A referee tosses a coin straight up with a velocity of 5.25 m/s, how high does it go above its point of release? (Hint: How fast is it moving at the maximum height?)

The vertical velocity is 0 at the top

v = Vi - 9.81 t

0 = 5.25 - 9.81 t

t = .535 second to the top

h = 0 + Vi t - 4.9 t^2

h = 5.25 (.535) - 4.9 (.535^2)

h = 1.40 meter

alternate and faster way:

(1/2) m v^2 = m g h
[ conservation of energy ]
h = v^2/2g = 5.25^2/19.6 = 1.40 meter

To determine how high the coin goes above its point of release, we need to use some basic physics principles.

First, let's address the hint provided. At the maximum height, the velocity of the coin will be zero momentarily before it starts falling back down. This occurs because the coin's motion undergoes a change from upward to downward. So, to find the maximum height, we need to calculate the time it takes for the coin to reach that point.

To begin, we need to understand the relationship between velocity, time, and acceleration.

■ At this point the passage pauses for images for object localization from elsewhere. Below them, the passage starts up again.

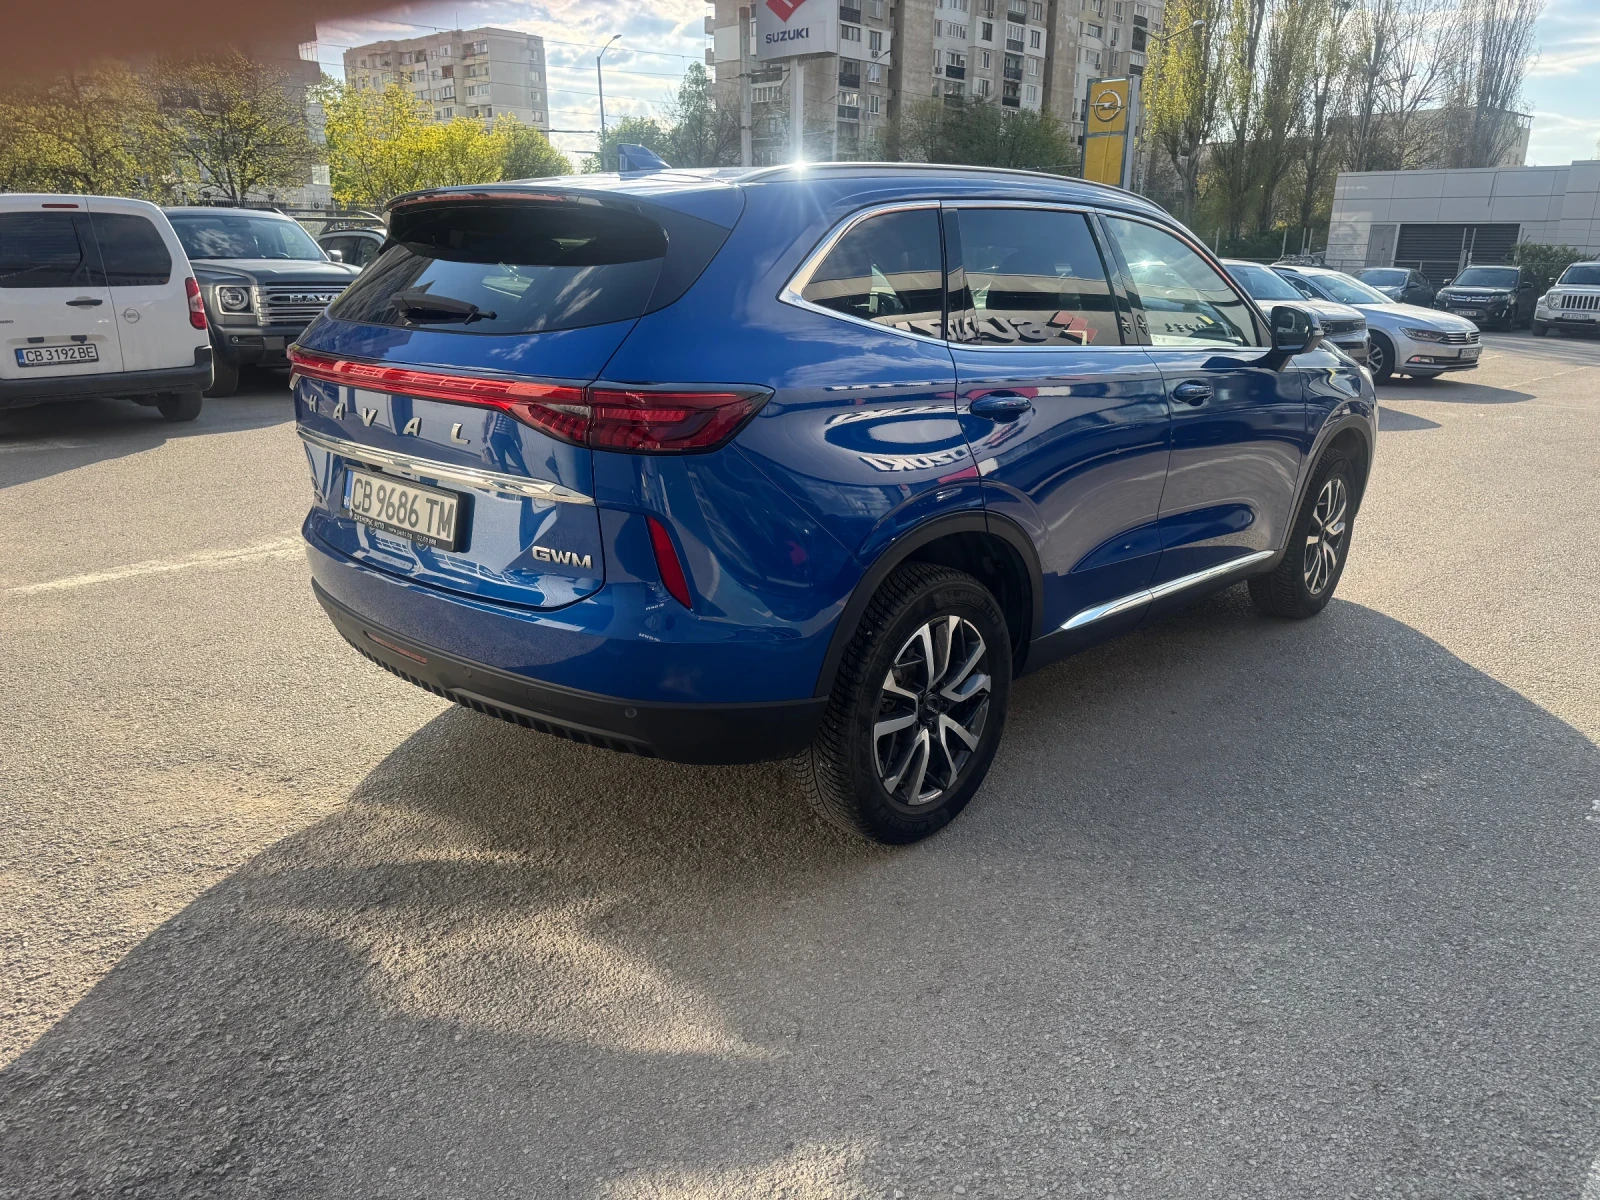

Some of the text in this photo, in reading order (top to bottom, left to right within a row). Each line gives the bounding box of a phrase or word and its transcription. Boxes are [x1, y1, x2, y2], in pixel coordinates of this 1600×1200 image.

[765, 27, 809, 44] SUZUKI
[26, 347, 95, 362] CB 3192 BE
[308, 394, 471, 444] HAVAL
[352, 478, 455, 538] CB 9686 TM
[532, 546, 592, 569] GWM

In this case, the acceleration acting on the coin is due to gravity, which is approximately 9.8 m/s² downward (assuming no air resistance).

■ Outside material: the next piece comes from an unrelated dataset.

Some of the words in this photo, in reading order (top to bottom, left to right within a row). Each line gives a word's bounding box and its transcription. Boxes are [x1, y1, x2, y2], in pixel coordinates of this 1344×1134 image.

Using the equation of motion:
vf = vi + at

Where:
vf = final velocity (0 m/s at the maximum height)
vi = initial velocity (5.25 m/s)
a = acceleration (-9.8 m/s²)
t = time

We can rearrange the equation to solve for time:
t = (vf - vi) / a

Substituting in the values we know:
t = (0 - 5.25) / -9.8

Calculating:
t ≈ 0.54 seconds

Now that we have the time taken to reach the maximum height, we can calculate the distance using the equation of motion:
h = vi*t + (1/2)*a*t^2

Where:
h = height
vi = initial velocity (5.25 m/s)
t = time (0.54 seconds)
a = acceleration (-9.8 m/s²)

Substituting the values:
h = 5.25 * 0.54 + (1/2) * (-9.8) * (0.54^2)

Calculating:
h ≈ 1.43 meters

Therefore, the coin goes approximately 1.43 meters above its point of release.